> _Work required_:
All of the entries should be restated word for word, but without their pictures.

> _Extracted data_:

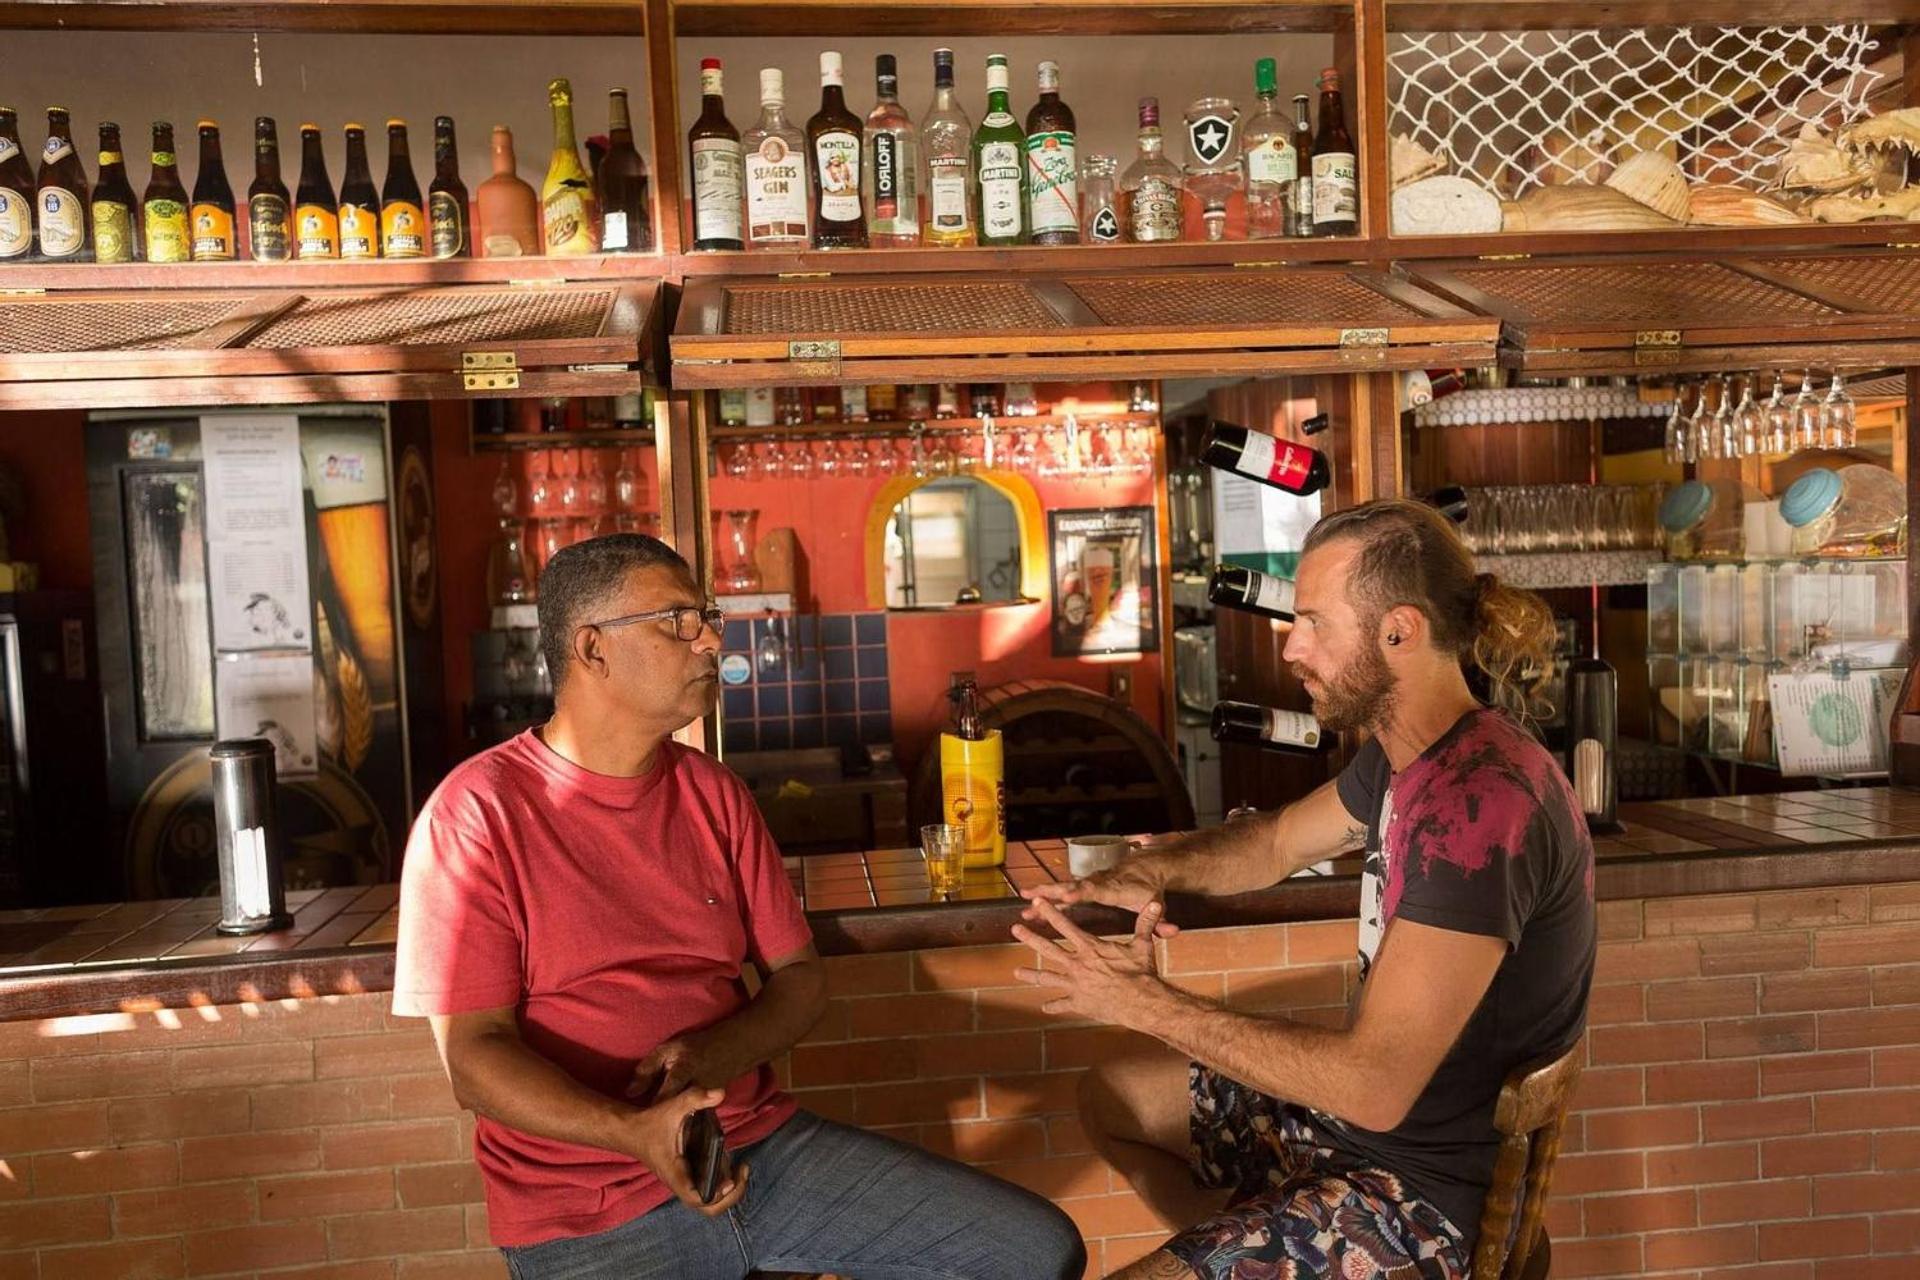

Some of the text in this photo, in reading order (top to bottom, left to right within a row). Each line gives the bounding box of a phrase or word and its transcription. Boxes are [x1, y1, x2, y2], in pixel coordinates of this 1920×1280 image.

[820, 141, 855, 150] MONTILLA
[930, 158, 967, 167] MARTINI
[754, 166, 797, 180] SEAGERS
[983, 168, 1018, 180] MARTINI
[763, 181, 789, 194] GIN

> _Answer below_:
Some of the text in this photo, in reading order (top to bottom, left to right within a row). Each line gives the bounding box of a phrase or word and its transcription. Boxes are [x1, y1, x2, y2], in pixel coordinates of this 1920×1280 image.

[820, 141, 855, 150] MONTILLA
[930, 158, 967, 167] MARTINI
[754, 166, 797, 180] SEAGERS
[983, 168, 1018, 180] MARTINI
[763, 181, 789, 194] GIN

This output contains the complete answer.